Work to be completed. Exactly as written, please repeat the data that follows, but not the pictures.

Excerpts from a dataset:
* * *
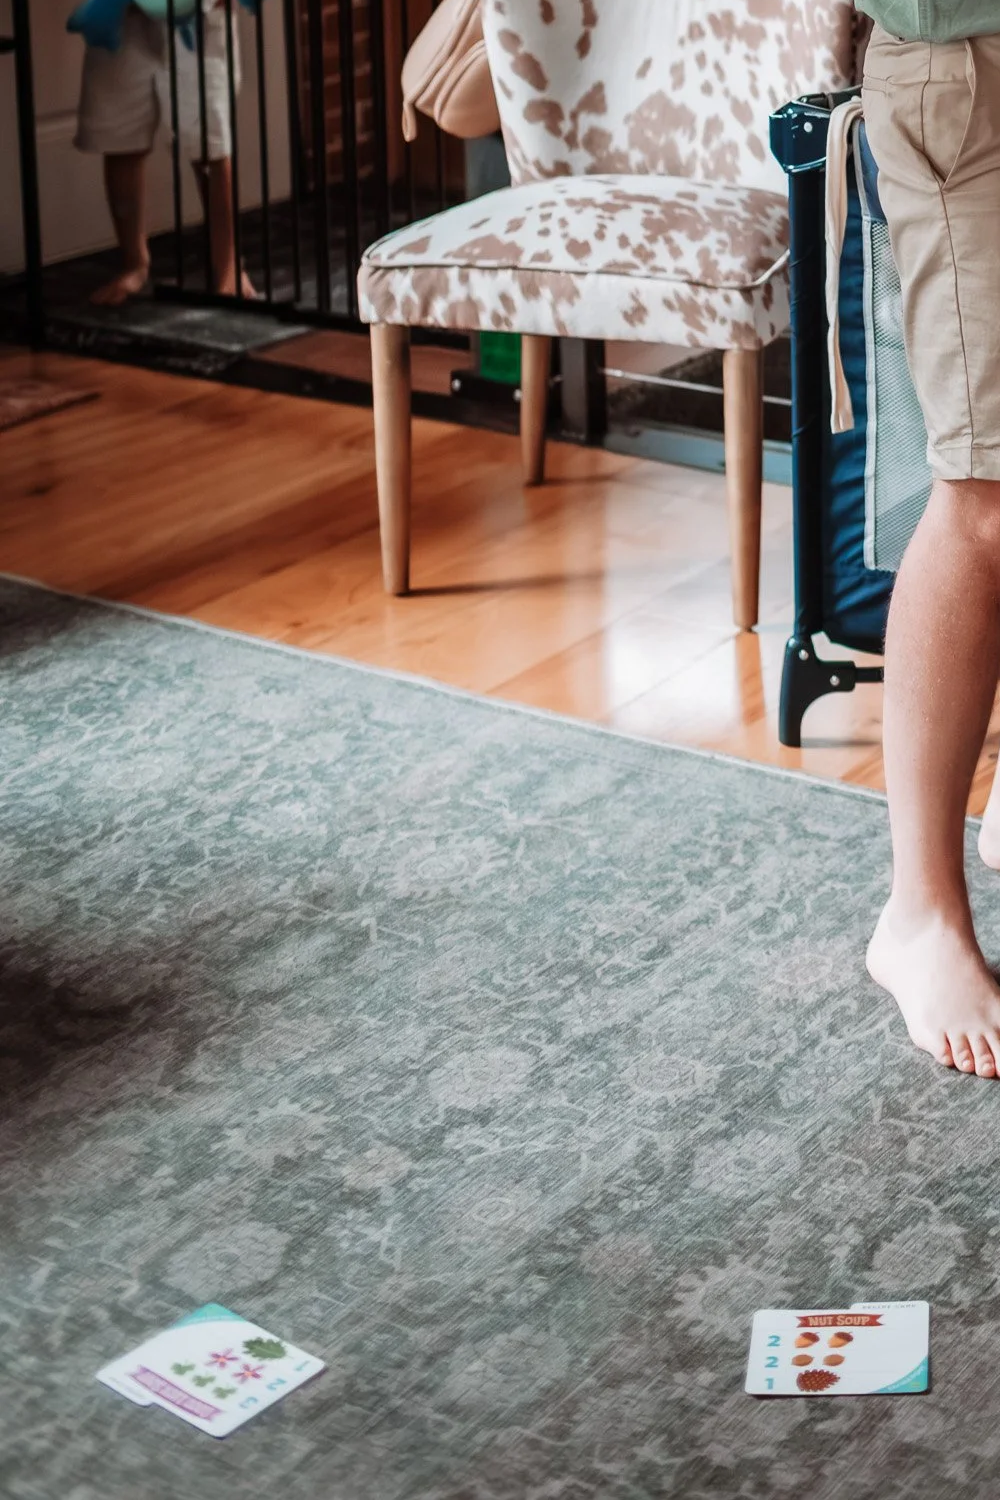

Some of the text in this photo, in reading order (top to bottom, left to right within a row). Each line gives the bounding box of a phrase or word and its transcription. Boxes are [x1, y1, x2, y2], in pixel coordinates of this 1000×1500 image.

[808, 1314, 870, 1327] NUT SOUP
[767, 1334, 781, 1347] 2
[764, 1355, 779, 1368] 2
[764, 1377, 774, 1390] 1
* * *
Task output.
Some of the text in this photo, in reading order (top to bottom, left to right within a row). Each line gives the bounding box of a phrase or word and its transcription. Boxes are [x1, y1, x2, y2], in pixel coordinates of this 1000×1500 image.

[808, 1314, 870, 1327] NUT SOUP
[767, 1334, 781, 1347] 2
[764, 1355, 779, 1368] 2
[764, 1377, 774, 1390] 1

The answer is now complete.